The film’s blurb points out that the lead actor Stephen Rea was in Interview With A Vampire, which might lead the casual viewer to a rather skewed expectation of the film’s content. Noting that he played straight man to a plethora of better-known (in name at least, this gentleman has a familiar face and a name that’s often just out of reach) comedians in Still Crazy is probably more helpful. Between the slapstick situations, deadpan leading man and various linguistic difficulties, the film owes more to classic silent film (the hapless creations of Buster Keaton come to mind, as does a Laurel and Hardy skit involving a life-changing encounter between Laurel and a window…) than Hollywood horror-light. Here an expressive look really does speak louder than the subtitles.
Fluent Dysphasia has a charming sort of oddity. Splicing together both the subtle and the obvious in a pleasing mix. Even the film’s title gets in on the act: don’t be tempted to check the meaning of dysphasia before watching the film, just be content knowing that it’s apt. Indulging our expectations with some father/daughter bonding, as his daughter uses her school-girl Gaelic to try to re-teach him English, while neatly dodging schmaltz with a timely application of the (far from metaphoric) old frying pan of reality. Touching on the odd status of language and identity in film-making, where increasing resources are becoming available to support film-making in Welsh, and Scots and Irish Gaelic (or Gàidhlig and Gaeilge if you want to be strictly accurate), contrasted with a limited supply of both film-makers and audiences who speak the languages concerned. Especially given the increasing dominance of English as the language of both film and business around the world. Having his spouting Gaelic being mistaken for speaking in tongues is a nice touch and makes for a clever contrast with the blank incomprehension that the majority of the English speaking world produces when confronted with other languages.
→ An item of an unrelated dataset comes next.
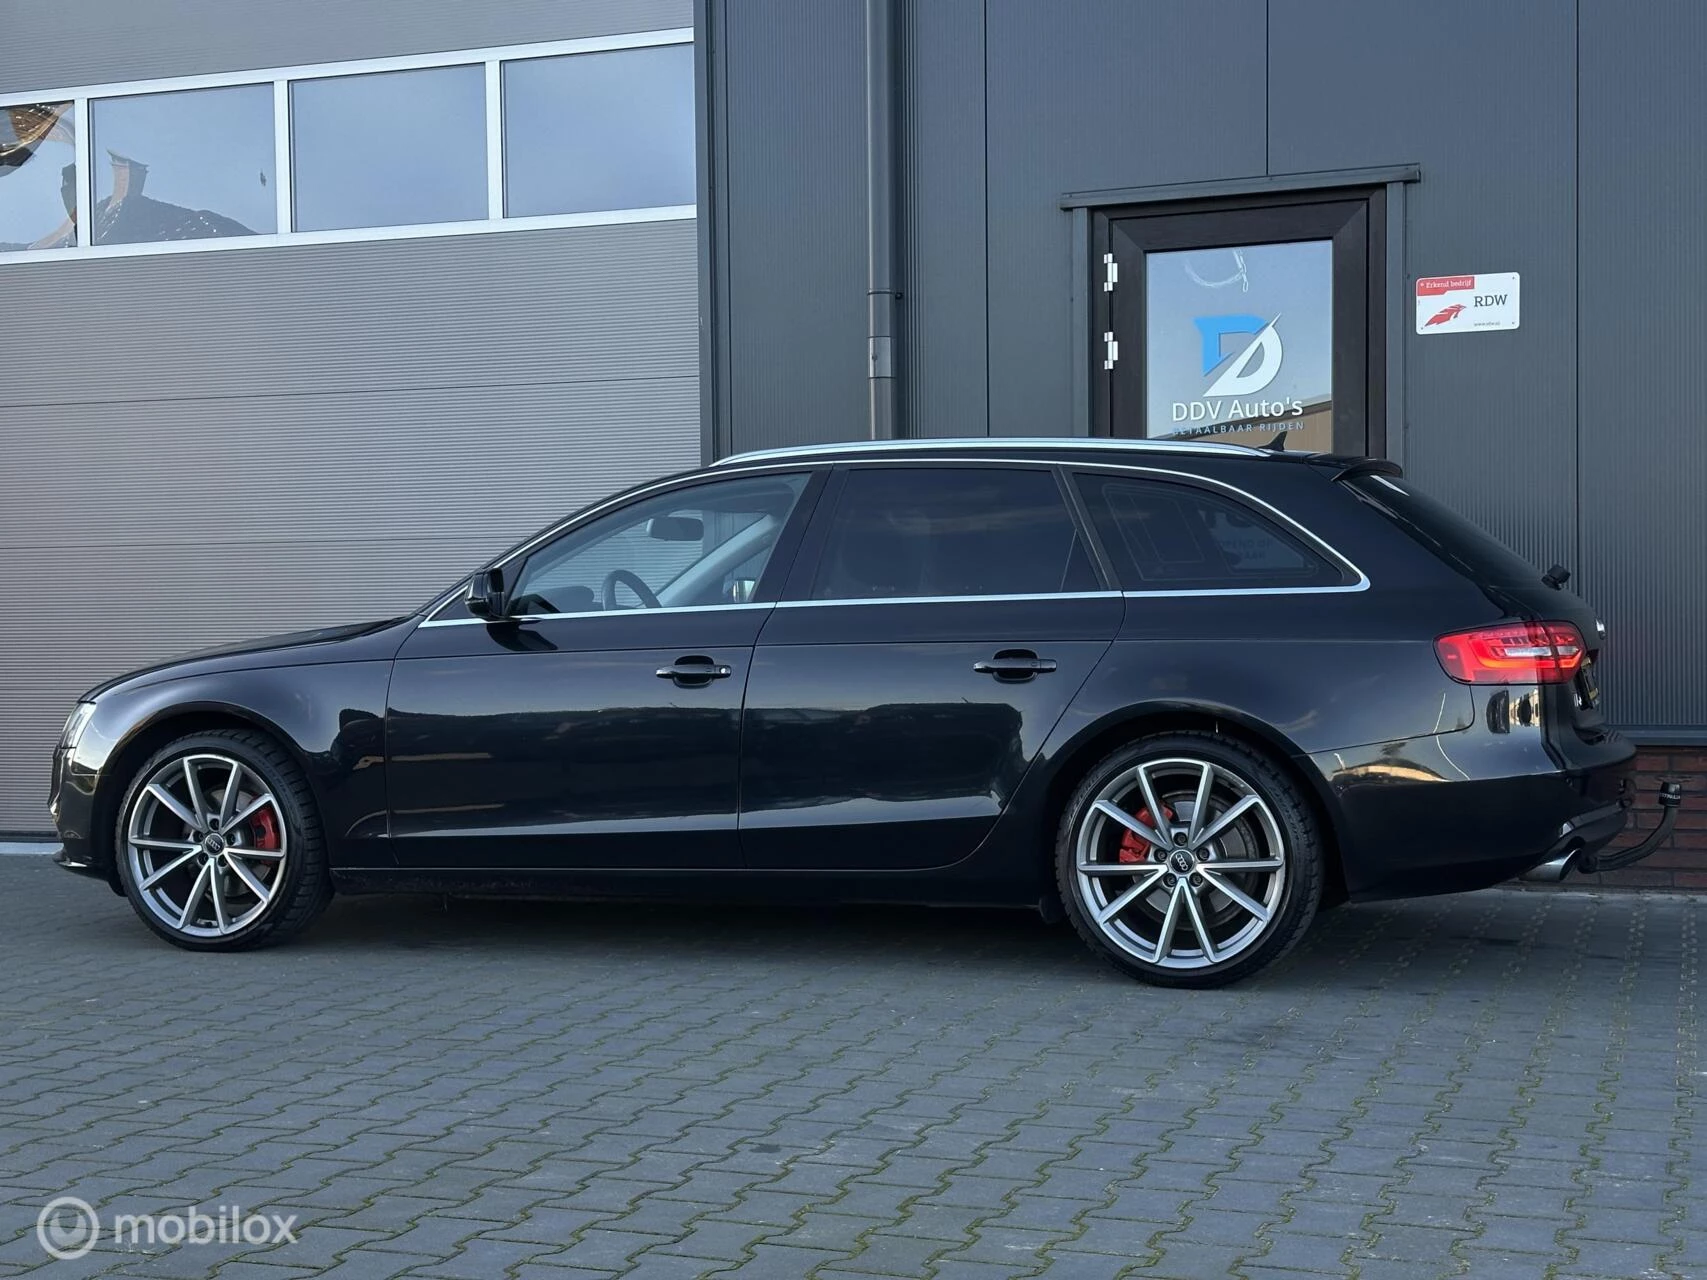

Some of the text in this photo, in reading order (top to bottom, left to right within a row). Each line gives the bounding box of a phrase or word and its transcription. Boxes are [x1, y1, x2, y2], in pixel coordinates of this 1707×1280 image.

[1474, 294, 1508, 307] RDW
[1173, 396, 1304, 422] DDV Auto's
[1258, 421, 1304, 432] RIJDEN
I have a sneaking suspicion that it might actually have been a better film if it’d been a bit longer, that even at half an hour it would have had the chance to explore some of the issues and ideas it throws up in a fuller fashion. However, as it stands it’s a nice little comedy, with interesting undertones about identity and communication. An excellent calling card for a director with definite potential for future greatness.